The eternal question is how I’m supposed to spend it. There’s always this pressure to do something exceptionally decadent and exhibitionistic. Throw the parrrdddeeee of the year. Kill a couple billion liver cells. Chill with God on the astral plane. Surpass the Kama Sutra. Oh, and another thing: it’s all supposed to be incredibly social; your friends are meant to turn out in droves to take embarrassing photos of you getting utterly wasted, and carry you between bed and toilet bowl as required once you’ve truly succumbed to the ecstasies of the moment. Once you’ve come of age.
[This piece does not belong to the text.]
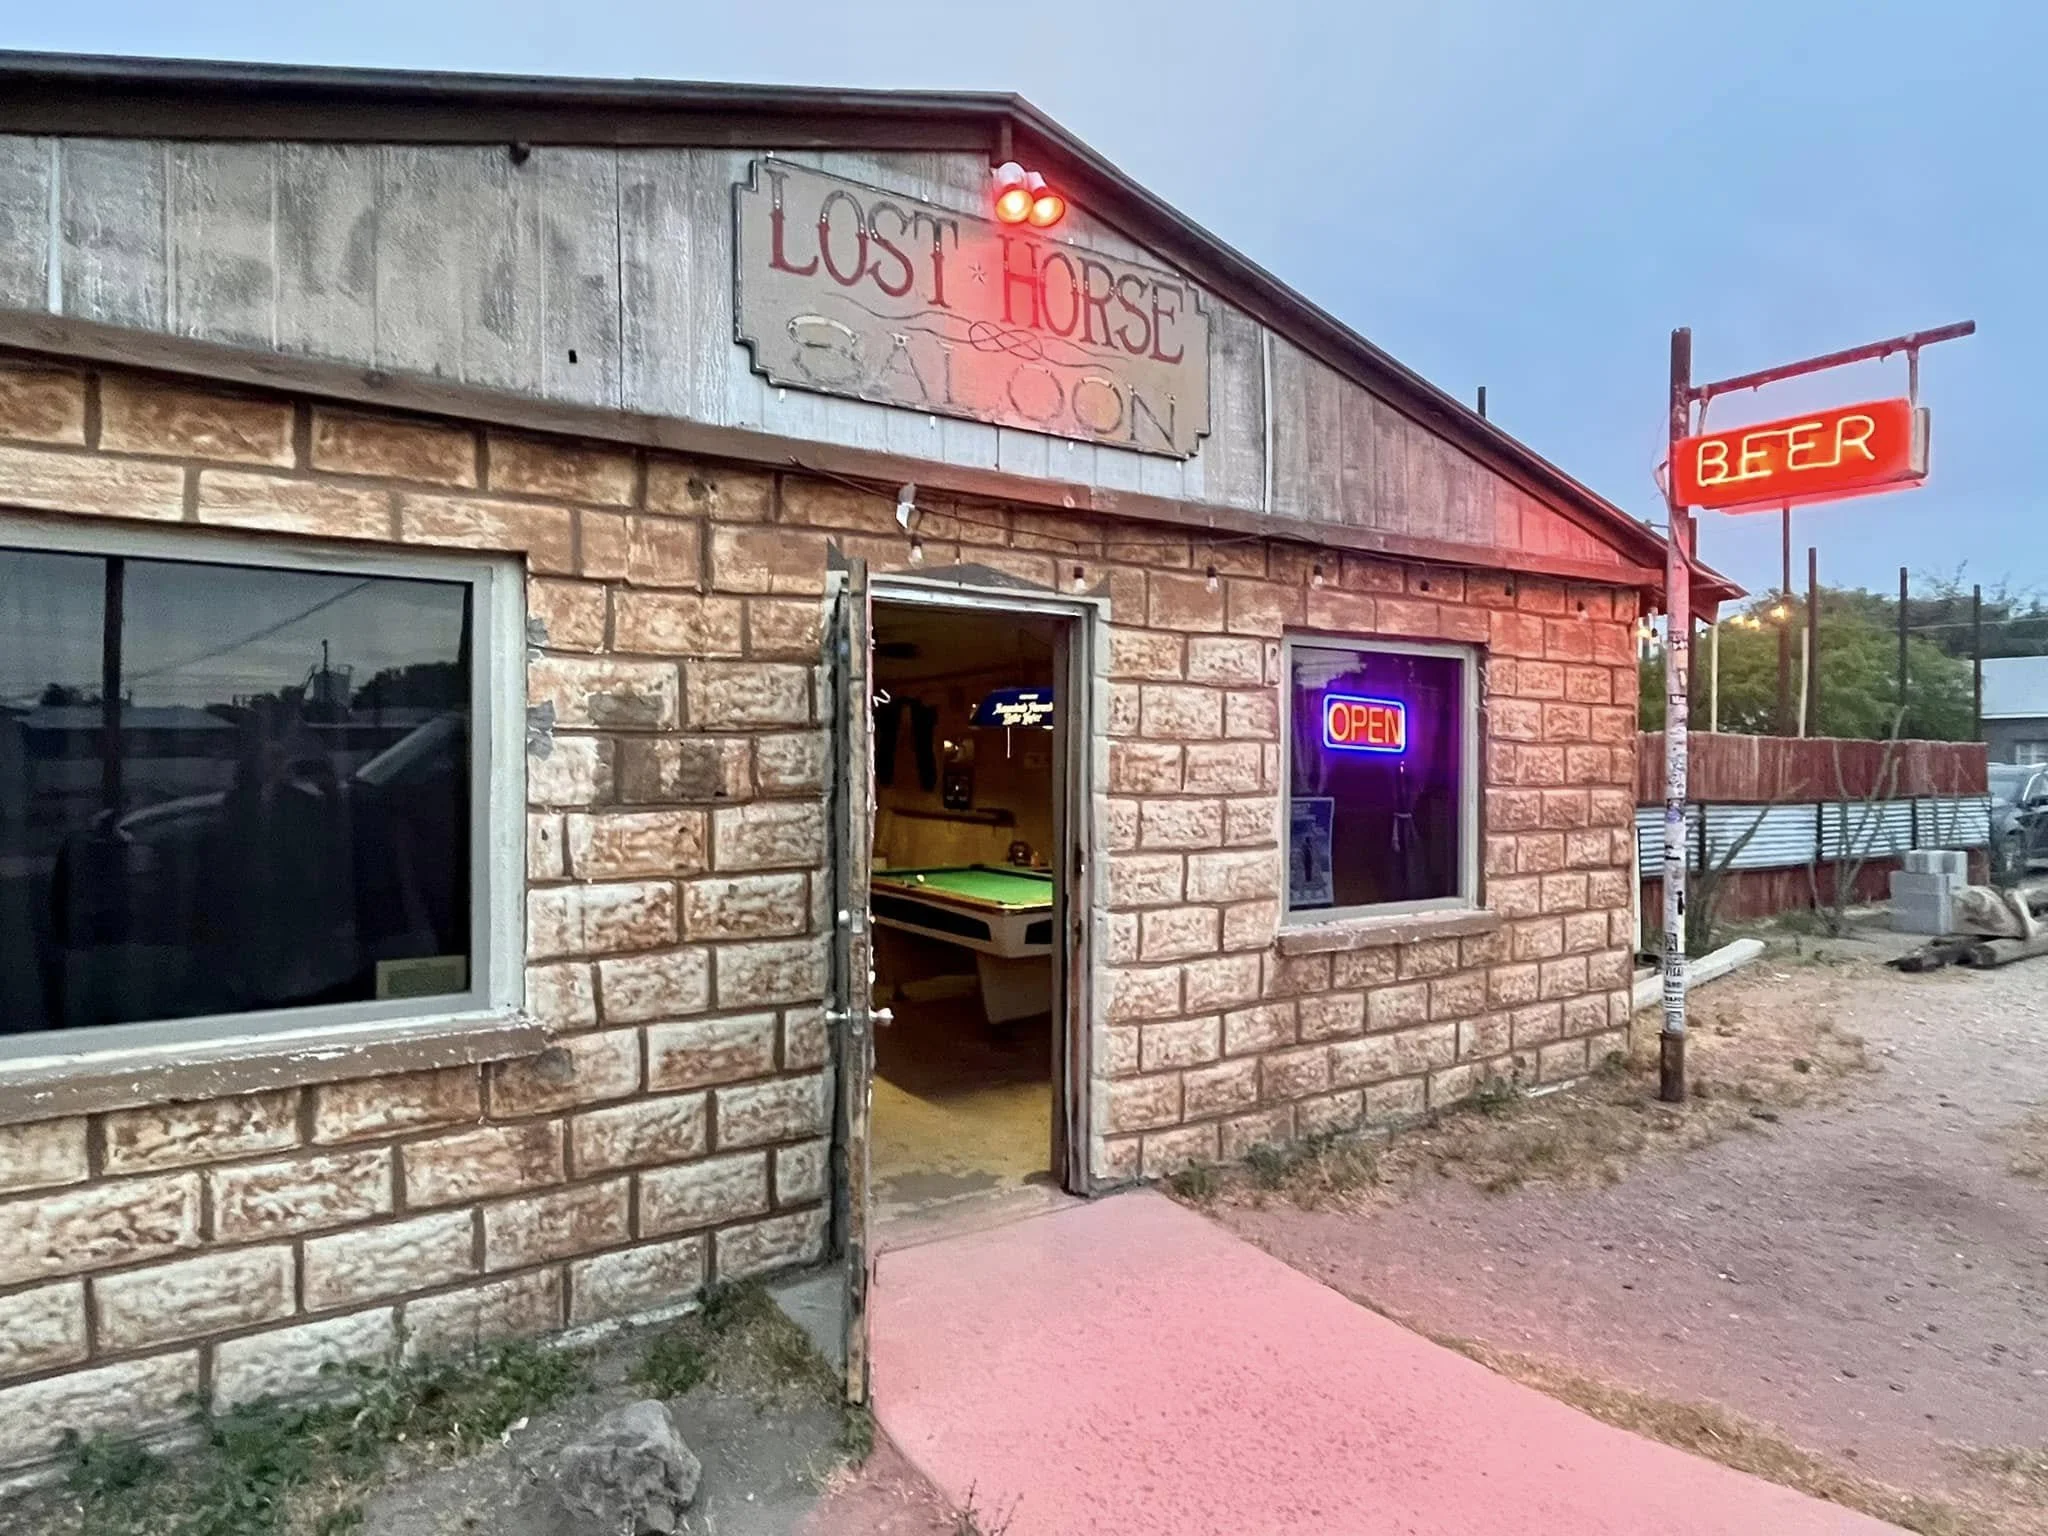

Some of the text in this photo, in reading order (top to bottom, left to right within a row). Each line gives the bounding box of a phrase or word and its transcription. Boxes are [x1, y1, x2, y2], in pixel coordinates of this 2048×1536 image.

But my friends right now are scattered around the world. Lots are in Singapore. A significant number are in the US. A couple are here. And even if they were all in one place, most of them wouldn’t get along. The A’level scientist classmates would be incredibly helpful, and clean up afterwards. The O’level convent classmates would sit in the corner and laugh maniacally. The arty eccentrics would write and perform a commemorative interpretive dance-poem. The Singaporean debaters would lounge on comfortable furniture and make fun of everybody. The UCL debaters would be getting drunk wherever the alcohol was. And I would be running around desperately between groups trying to make sure everyone was having fun, and having none myself.

Birthdays are meant to be an affirmation that your birth was worthwhile, a celebration of your life so far, a symbol of hope for your life in the future. Can all that be captured in a party?
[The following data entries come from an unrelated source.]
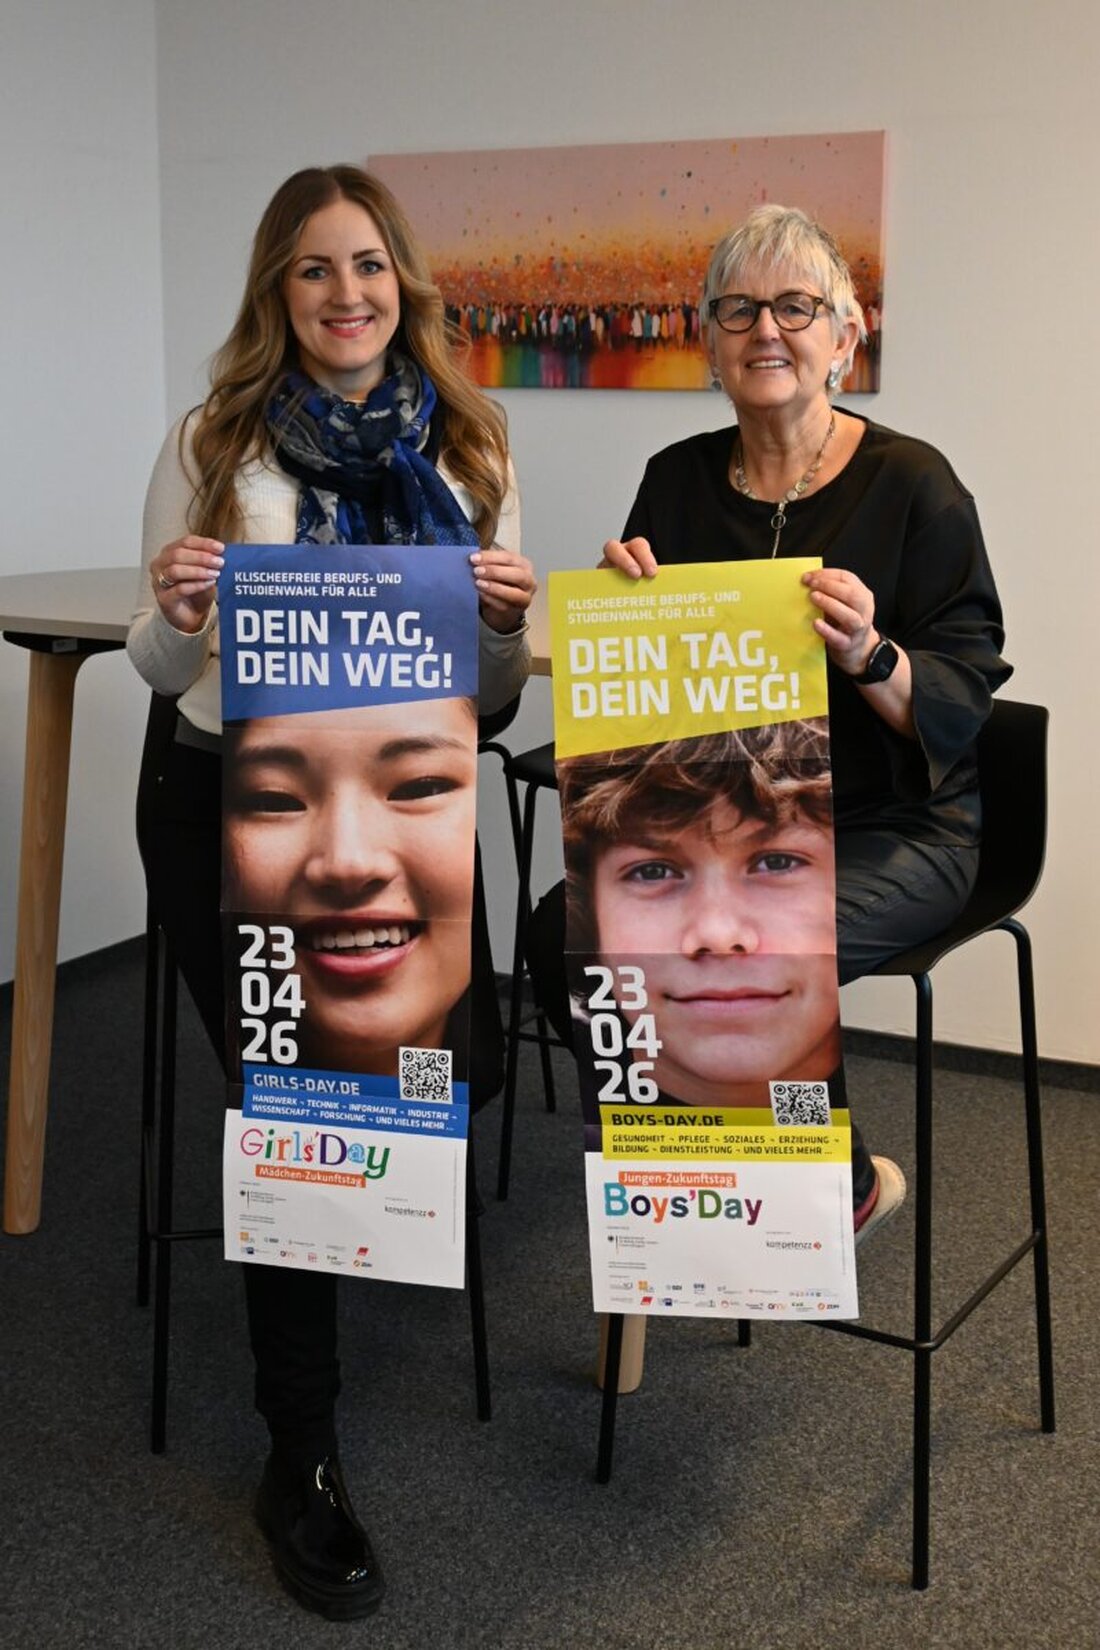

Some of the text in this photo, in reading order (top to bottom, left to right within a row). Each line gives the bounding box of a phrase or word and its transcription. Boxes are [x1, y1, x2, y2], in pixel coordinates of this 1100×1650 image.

[234, 571, 402, 584] KLISCHEEFREIE BERUFS- UND
[235, 584, 377, 597] STUDIENWAHL FÜR ALLE
[567, 591, 740, 611] KLISCHEEFREIE BERUFS- UND
[568, 605, 715, 624] STUDIENWAHL FÜR ALLE
[235, 609, 434, 652] DEIN TAG,
[569, 630, 779, 674] DEIN TAG,
[237, 650, 452, 688] DEIN WEG!
[571, 672, 801, 718] DEIN WEG!
[238, 924, 296, 970] 23
[241, 971, 306, 1018] 04
[583, 965, 648, 1010] 23
[240, 1018, 298, 1065] 26
[590, 1013, 663, 1058] 04
[253, 1073, 360, 1096] GIRLS-DAY.DE
[593, 1060, 659, 1104] 26
[252, 1094, 449, 1120] HANDWERK TECHNIK INFORMATIK INDUSTRIE
[252, 1104, 310, 1117] WISSENSCHAFT
[320, 1110, 366, 1122] FORSCHUNG
[375, 1116, 392, 1124] UND
[394, 1118, 420, 1128] VIELES
[421, 1120, 445, 1130] MEHR
[612, 1113, 725, 1127] BOYS-DAY.DE
[612, 1134, 830, 1144] GESUNDHEIT PFLEGE SOZIALES ERZIEHUNG
[612, 1144, 650, 1153] BILDUNG
[659, 1145, 733, 1154] DIENSTLEISTUNG
[743, 1145, 762, 1154] UND
[764, 1146, 794, 1154] VIELES
[796, 1146, 822, 1155] MEHR
[259, 1166, 362, 1188] Mädchen-Zukunftstag
[621, 1172, 734, 1189] Jungen-Zukunftstag
For my 21st birthday I want to slalom through the Northern Lights the way children run through floor fountains. I want to ignore the realities of clouds and snuggle up in a fluffy one somewhere between the ground and the stars with a radio which can only just catch the frequencies so that everything sounds tinny and otherworldly. I want to redefine science so that molecules don’t merely move up and down in response to the energy transmission of a wave but always at its crest, and then I want to transmogrify myself into rain and explore the waters of the world. I want to go to Tolkien’s Middle Earth and beat the shit out of Gollum. I want to go to a jazz club with Dean Moriarty.

I want to skydive with a parachute that jams until just before landing, and spend ten thousand metres of free fall realizing just how much I still have to do with this life.